• WHAT THE TASK REQUIRES
Copy, please, the line with "Some of the text" and each line that follows it through the end of the data below, exactly as given and without pictures.

[SUPPLIED DATA — start]

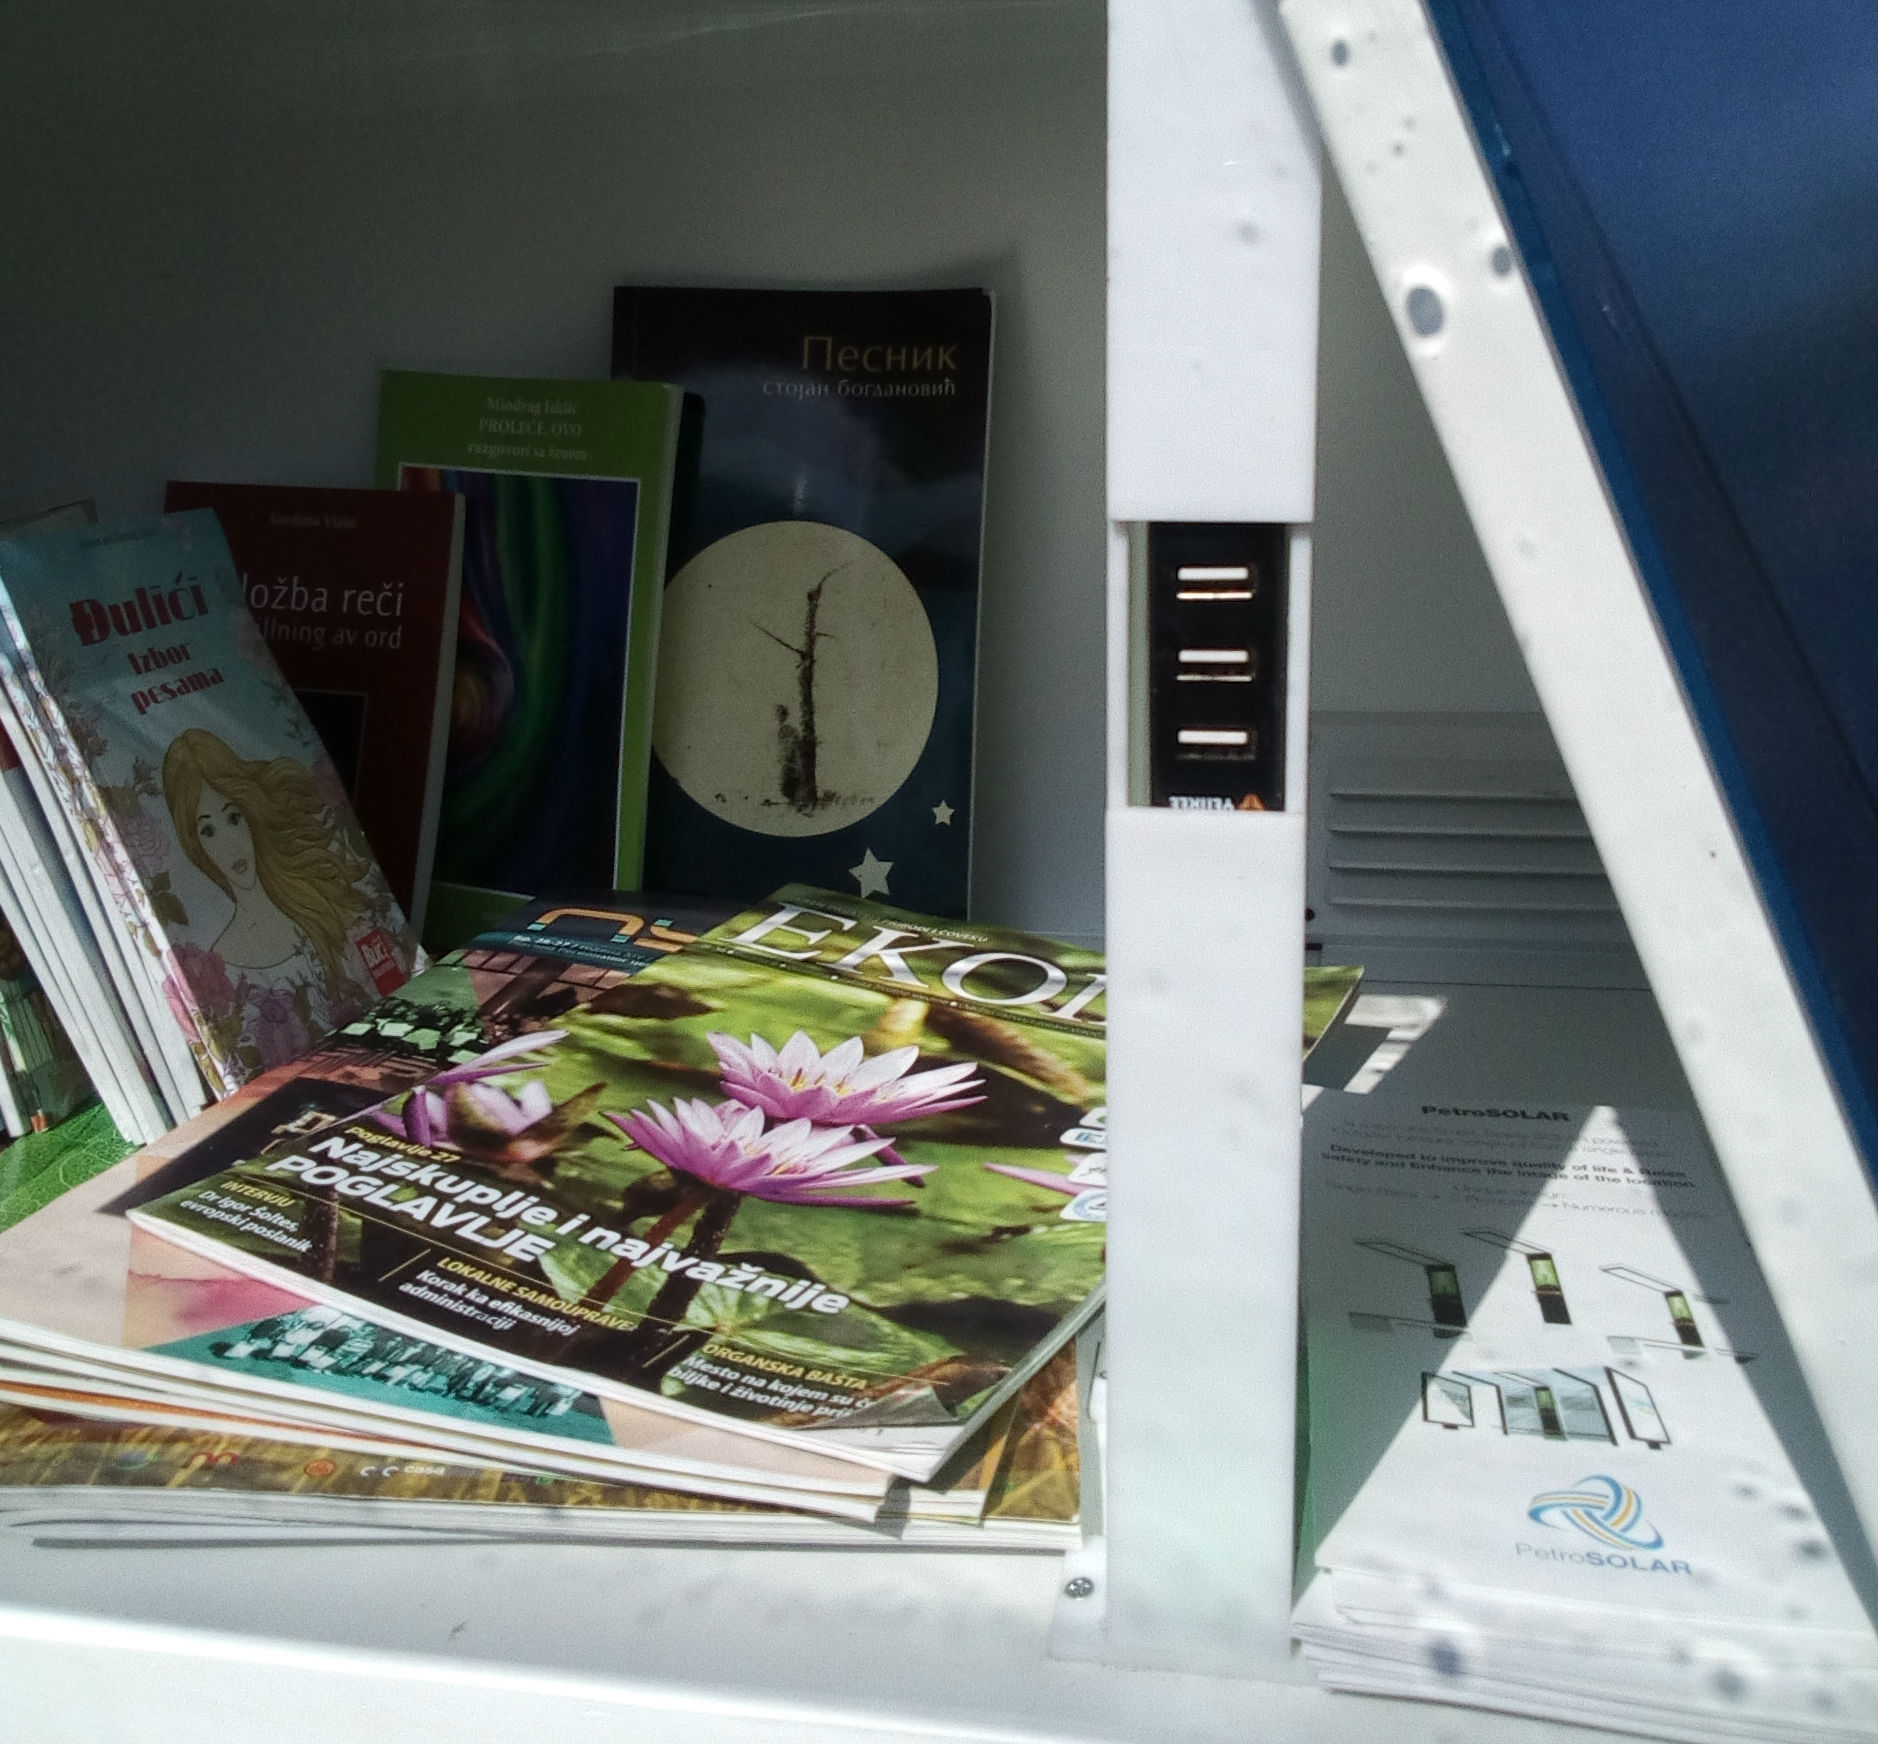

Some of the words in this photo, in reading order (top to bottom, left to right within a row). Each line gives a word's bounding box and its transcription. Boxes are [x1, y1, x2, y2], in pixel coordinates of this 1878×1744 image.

[802, 335, 958, 372] Песник
[838, 377, 957, 397] богдановић
[342, 582, 404, 617] reči
[333, 627, 359, 645] av
[364, 624, 403, 649] ord
[128, 643, 191, 675] Izbor
[131, 668, 225, 715] pesama
[1422, 1105, 1571, 1122] PetroSOLAR
[344, 1126, 433, 1157] Poglavlje
[1330, 1144, 1416, 1159] Developed
[1441, 1154, 1507, 1168] improve
[1572, 1164, 1587, 1172] of
[1592, 1164, 1618, 1173] life
[220, 1180, 297, 1208] INTERVJU
[1595, 1175, 1622, 1184] the
[198, 1190, 221, 1202] Dr
[217, 1196, 254, 1213] Igor
[266, 1154, 556, 1262] POGLAVLJE
[179, 1200, 251, 1227] evropski
[239, 1222, 314, 1253] poslanik
[308, 1136, 561, 1226] Najskuplje
[562, 1214, 588, 1236] i
[580, 1227, 850, 1315] najvažnije
[399, 1282, 517, 1332] administraciji
[415, 1269, 469, 1296] Korak
[465, 1288, 490, 1305] ka
[488, 1298, 581, 1337] efikasnijoj
[436, 1257, 515, 1293] LOKALNE
[511, 1285, 639, 1332] SAMOUPRAVE
[701, 1344, 803, 1378] ORGANSKA
[667, 1367, 722, 1393] biljke
[720, 1383, 733, 1394] i
[729, 1386, 815, 1414] životinje
[682, 1356, 741, 1382] Mesto
[740, 1373, 767, 1389] na
[767, 1378, 830, 1402] kojem
[829, 1393, 855, 1406] su
[1515, 1542, 1693, 1576] PetroSOLAR
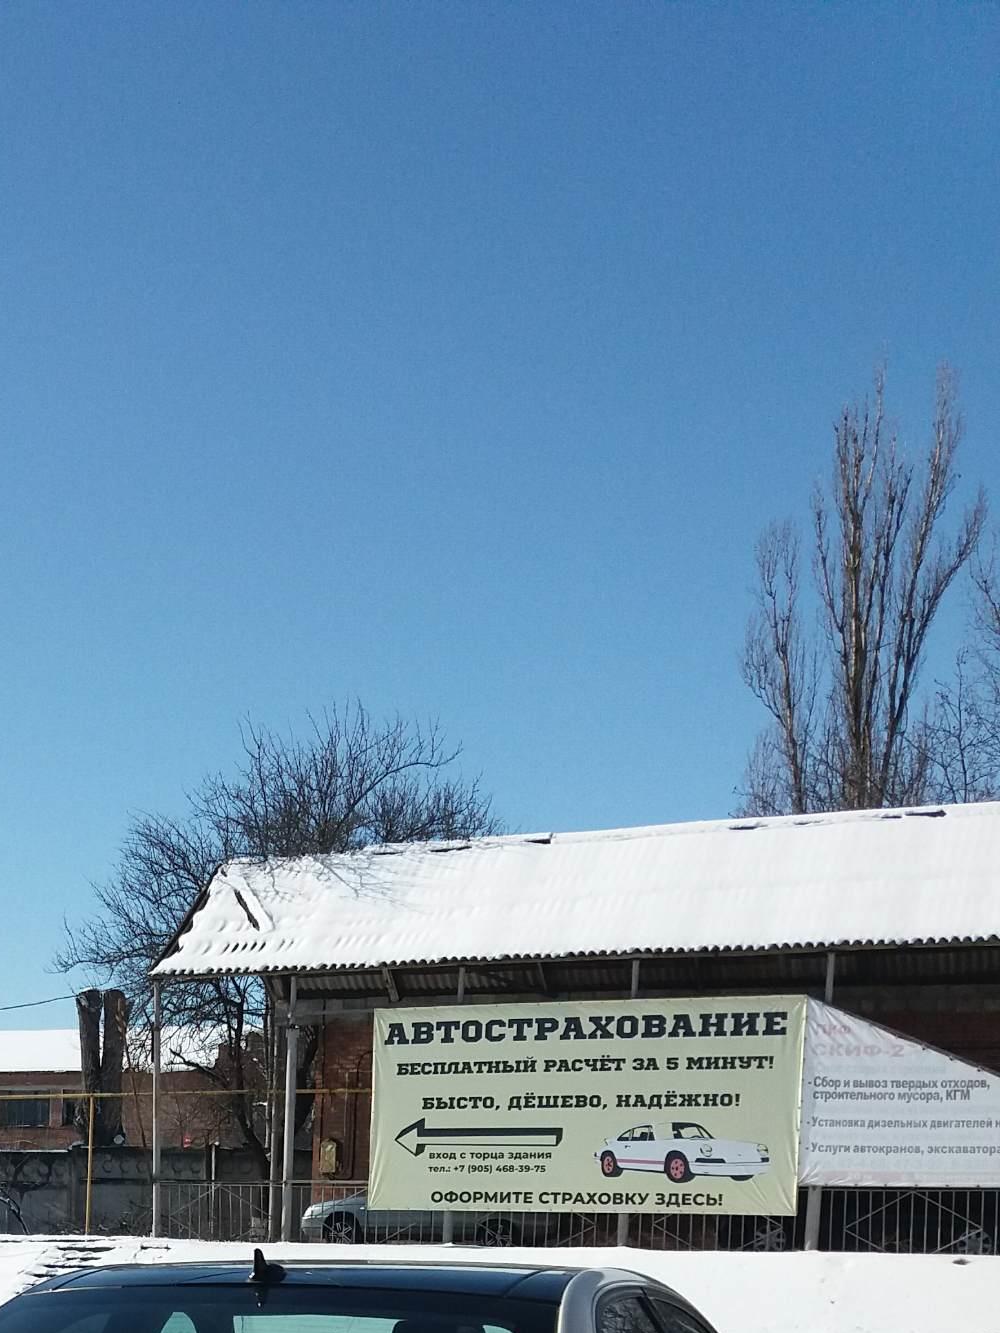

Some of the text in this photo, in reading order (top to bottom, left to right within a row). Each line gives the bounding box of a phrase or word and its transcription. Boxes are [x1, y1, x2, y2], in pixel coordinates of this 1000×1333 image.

[384, 1011, 788, 1046] АВТОСТРАХОВАНИЕ
[397, 1054, 774, 1076] БЕСПЛАТНЫЙ РАСЧЁТ ЗА 5 МИНУТ!
[853, 1080, 888, 1088] вывоз
[890, 1080, 937, 1090] твердых
[941, 1080, 990, 1090] отходов,
[422, 1091, 740, 1111] БЫСТО, ДЁШЕВО, НАДЁЖНО!
[813, 1090, 970, 1103] строительного мусора, КГМ
[867, 1120, 927, 1129] дизельных
[930, 1118, 992, 1129] двигателей
[853, 1145, 925, 1155] автокранов,
[429, 1152, 457, 1161] вход
[470, 1152, 505, 1161] торца
[508, 1152, 552, 1161] здания
[428, 1165, 451, 1173] тел.:
[468, 1164, 493, 1174] (905)
[495, 1165, 546, 1173] 468-39-75
[430, 1190, 723, 1209] ОФОРМИТЕ СТРАХОВКУ ЗДЕСЬ!
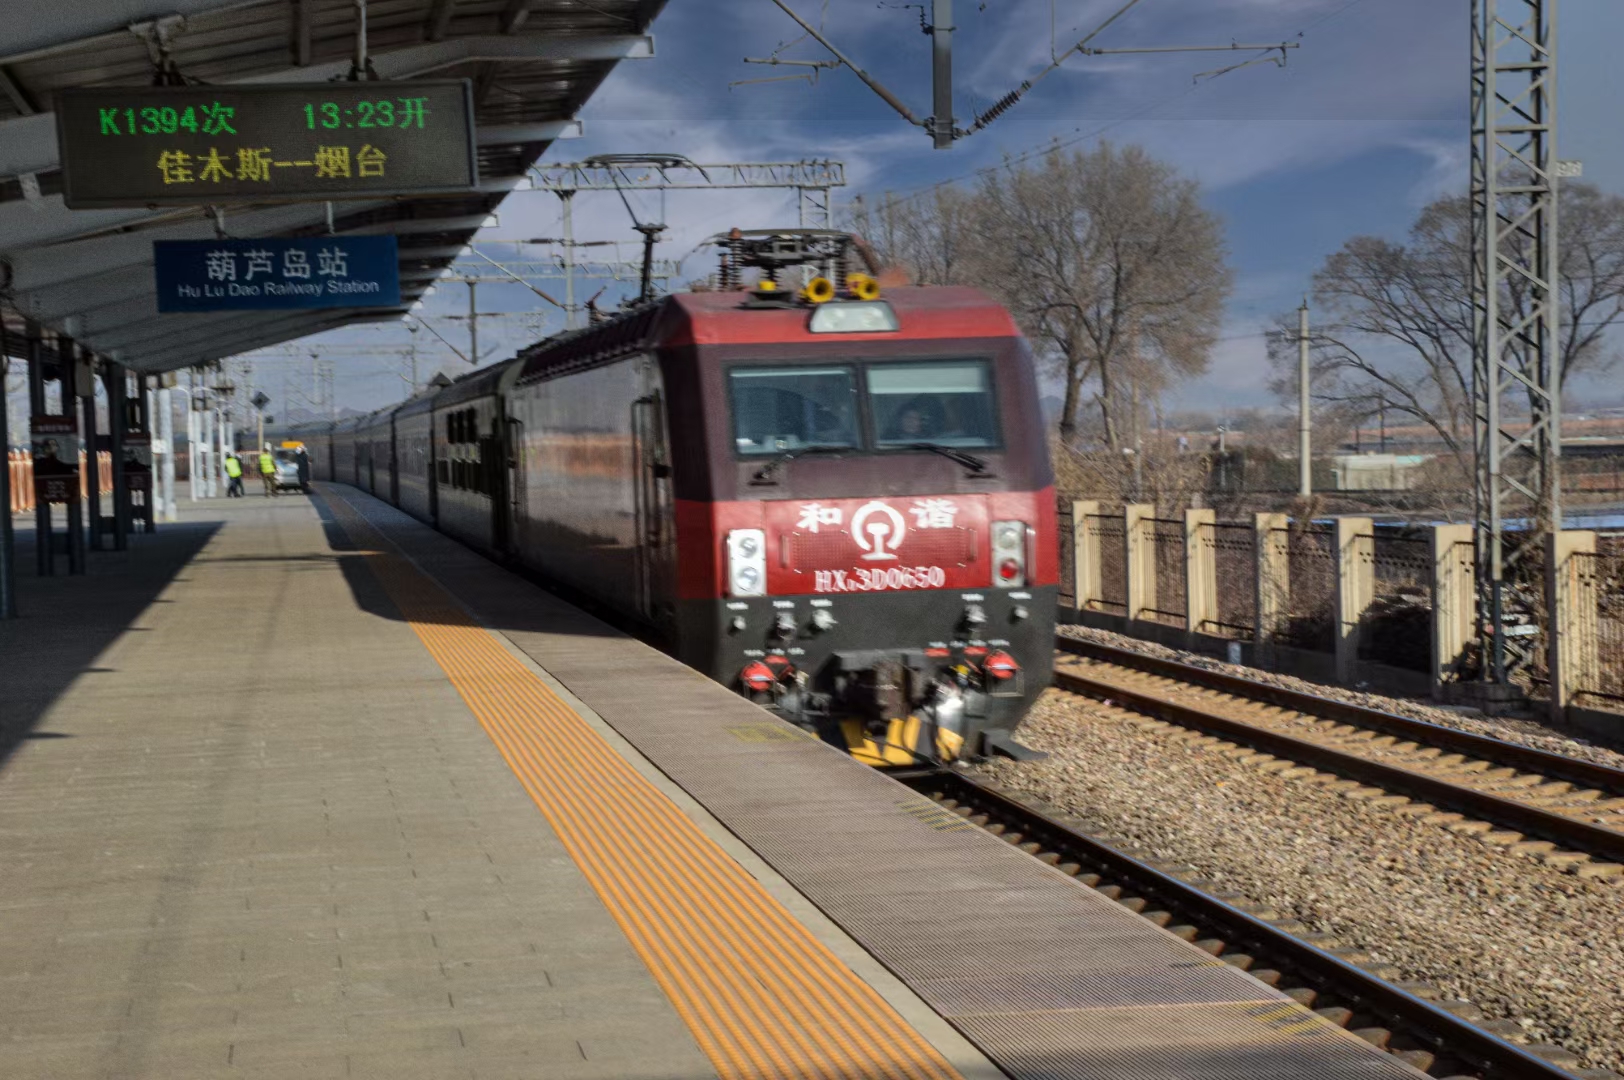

[SUPPLIED DATA — finish]

• COMPLETED TASK
Some of the text in this photo, in reading order (top to bottom, left to right within a row). Each line gives the bounding box of a phrase or word and its transcription. Boxes are [x1, y1, x2, y2], in pixel coordinates of this 1000×1333 image.

[384, 1011, 788, 1046] АВТОСТРАХОВАНИЕ
[397, 1054, 774, 1076] БЕСПЛАТНЫЙ РАСЧЁТ ЗА 5 МИНУТ!
[853, 1080, 888, 1088] вывоз
[890, 1080, 937, 1090] твердых
[941, 1080, 990, 1090] отходов,
[422, 1091, 740, 1111] БЫСТО, ДЁШЕВО, НАДЁЖНО!
[813, 1090, 970, 1103] строительного мусора, КГМ
[867, 1120, 927, 1129] дизельных
[930, 1118, 992, 1129] двигателей
[853, 1145, 925, 1155] автокранов,
[429, 1152, 457, 1161] вход
[470, 1152, 505, 1161] торца
[508, 1152, 552, 1161] здания
[428, 1165, 451, 1173] тел.:
[468, 1164, 493, 1174] (905)
[495, 1165, 546, 1173] 468-39-75
[430, 1190, 723, 1209] ОФОРМИТЕ СТРАХОВКУ ЗДЕСЬ!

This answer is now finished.